Who is responsible? Expected timeframe Process & activities
Editor 30 days
  • Editor reads the submission, considering how well it meets our journal’s ambitions of openness, global access, multilingualism and sustainability.
  • Editor considers the lesson’s level of difficulty against our matrix
  • Editor shares initial feedback as a comment in the GitHub issue, anchoring specific comments to sections or paragraphs (referring to numbers at the right margin of the lesson preview) to support the Author’s/Translator’s revisions in Phase 3.

Editorial Considerations

Key considerations:
Openness
  • Does this lesson centre open source software, open programming languages, and open access datasets? If the method involves any proprietary software or commercial tools, we strongly recommend authors present these alongside open source alternatives, and cost-free options.
Global access
  • Does this lesson outline technical prerequisites clearly, and consider potential limitations of access to methods, software or tools? Remind authors that our readers work with different operating systems and have varying computational resources.
  • Is accessibility embedded within lesson? Our readership have different abilities, and varying access needs. Directive language should avoid using sight as a metaphor for understanding; visuals, plots, and graphs must be accompanied by concise captions, and alt-text; tabular data and code must be provided in Markdown and raw form.
Multilingualism
  • Has the author chosen methods, tools, and datasets that can be applied or adapted for use in languages other than English? Our strong preference is to publish lessons that will be practicable in multilingual research-contexts, and future translation.
  • Has this author attempted to localise their translation by replacing datasets or case study examples with materials in the translation language to improve usability for the new audience?
  • If this is a translation to English, encourage the author to keep non-English datasets and case study examples in place, to help our Anglophone communities learn to work with multilingual data and research materials.
Sustainability
  • Does this lesson successfully prioritise reflections, contextual discussions and overviews of practical steps over click-by-click instructions? This emphasis helps to ensure lessons remain useful beyond present-day graphical user interfaces and current software versions.
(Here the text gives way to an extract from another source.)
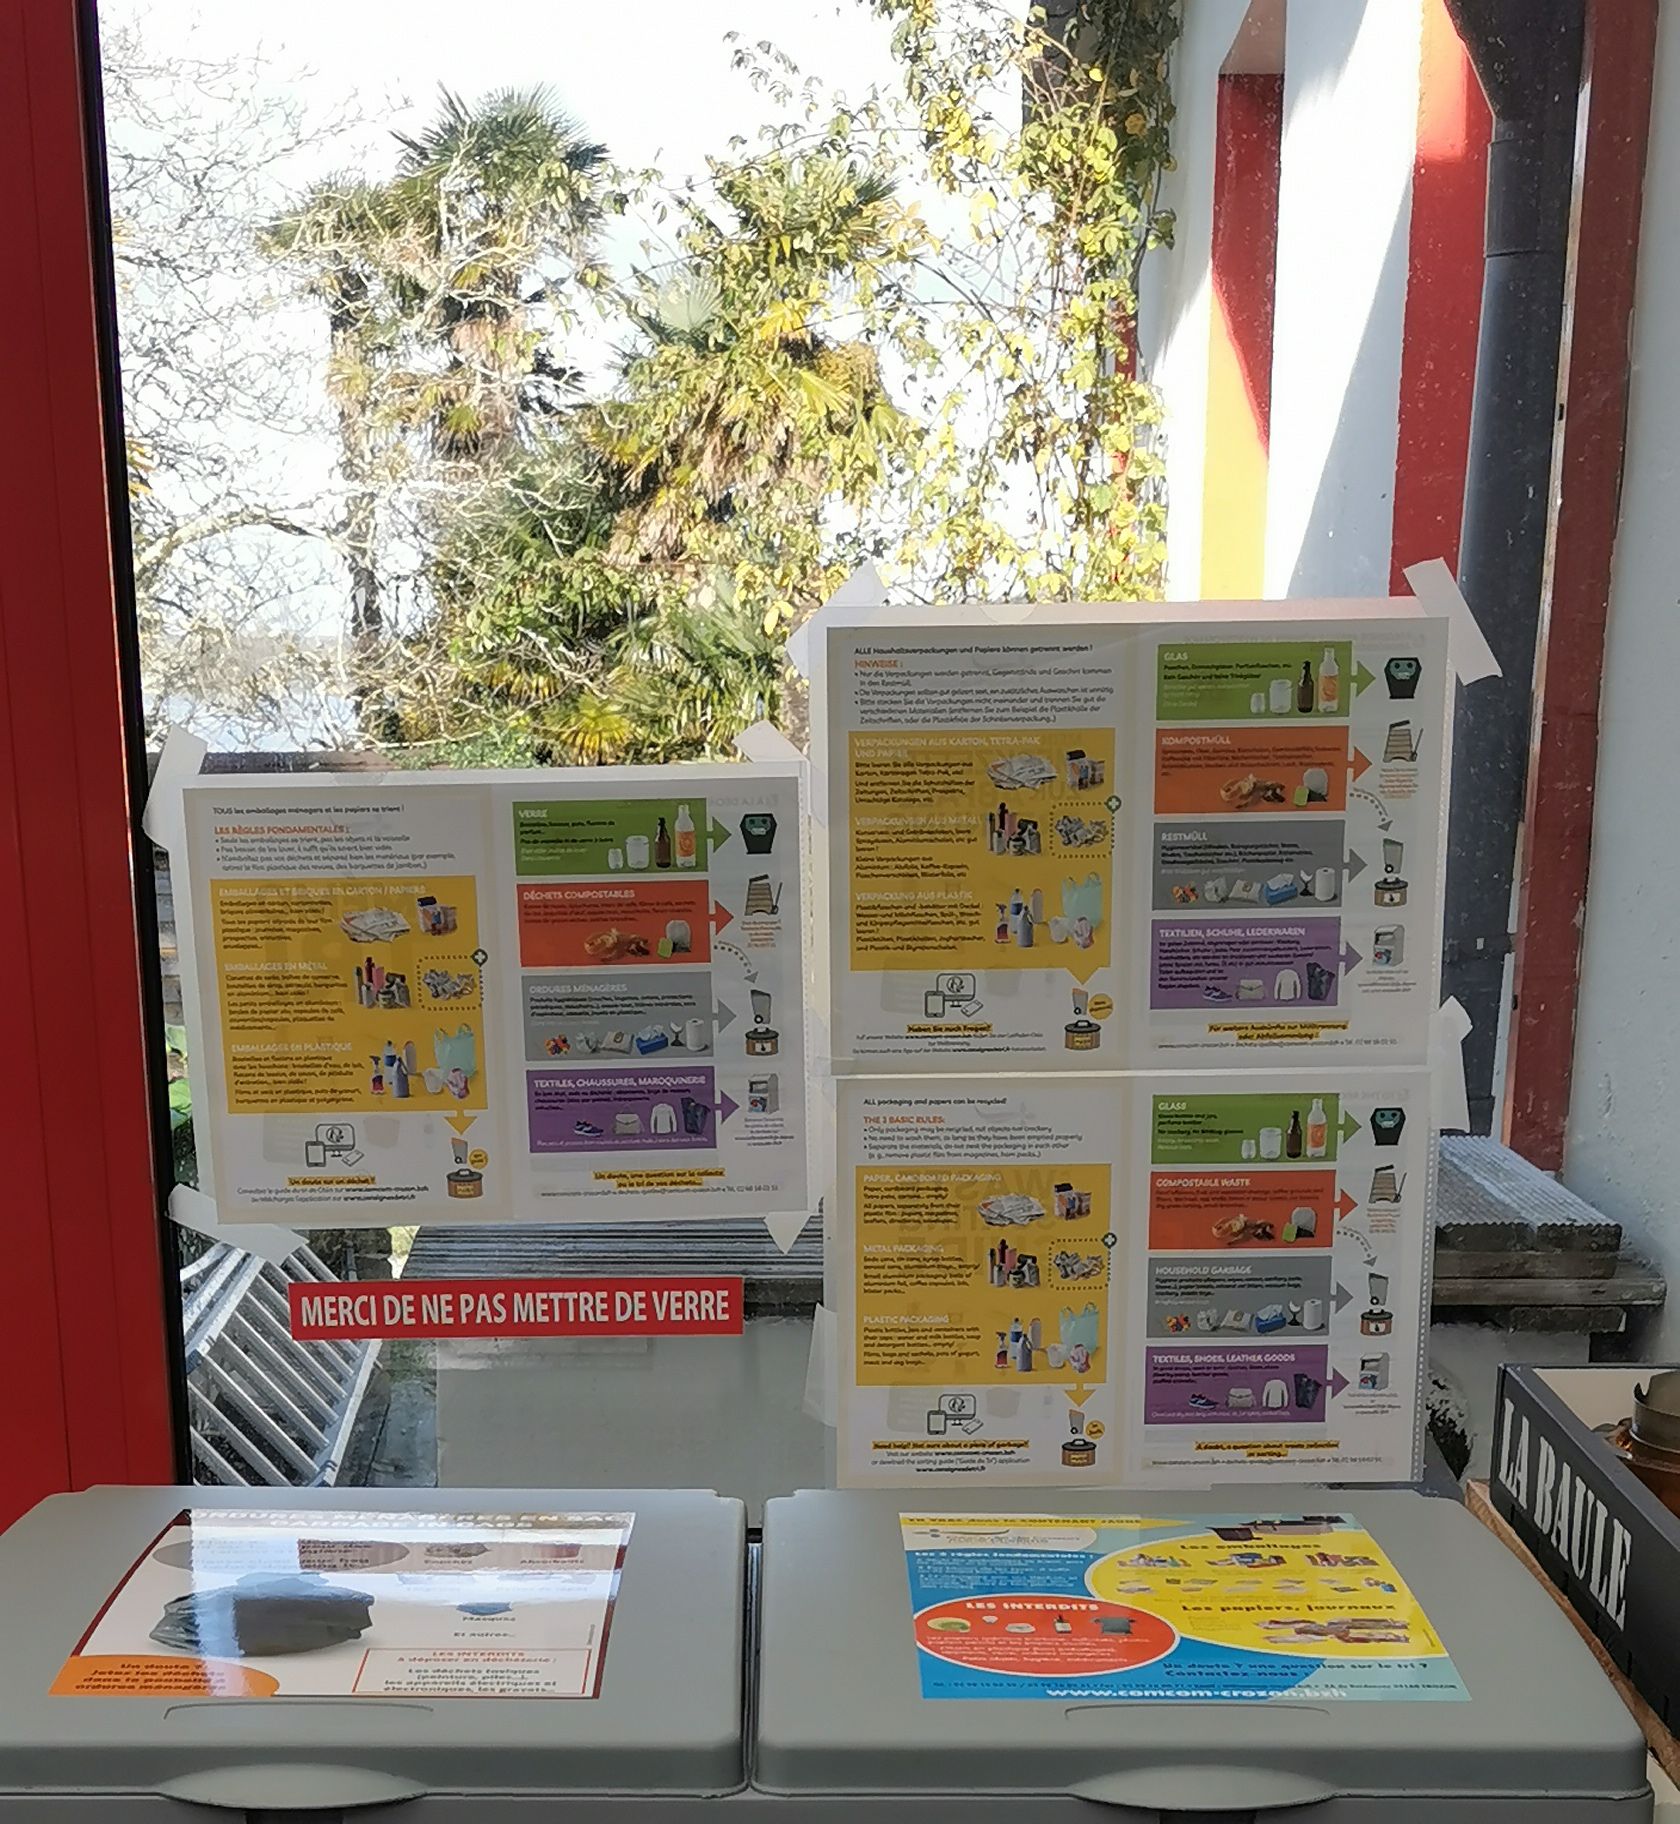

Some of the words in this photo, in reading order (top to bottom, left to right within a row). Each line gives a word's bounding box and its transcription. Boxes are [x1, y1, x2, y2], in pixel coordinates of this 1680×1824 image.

Encourage authors to anticipate challenges readers may face, and guide troubleshooting.
  • Does the author specify which computational environment, programming languages, packages and software versions the lesson has been developed for and tested within?
  • Ask authors to include clear citations to case study sources, datasets, and software.

Difficulty Matrix

How does Programming Historian define difficulty?

When assigning lesson difficulty, it is useful to consider: how much prerequisite knowledge is expected; whether and how specialist or technical terms are used and defined; the relative complexity of install and set-up; whether trouble-shooting steps are included, outlined, or referenced; where and how knowledge beyond the lesson's scope can be learned (through existing Programming Historian lessons, other written documentation), or whether applied experience is necessary.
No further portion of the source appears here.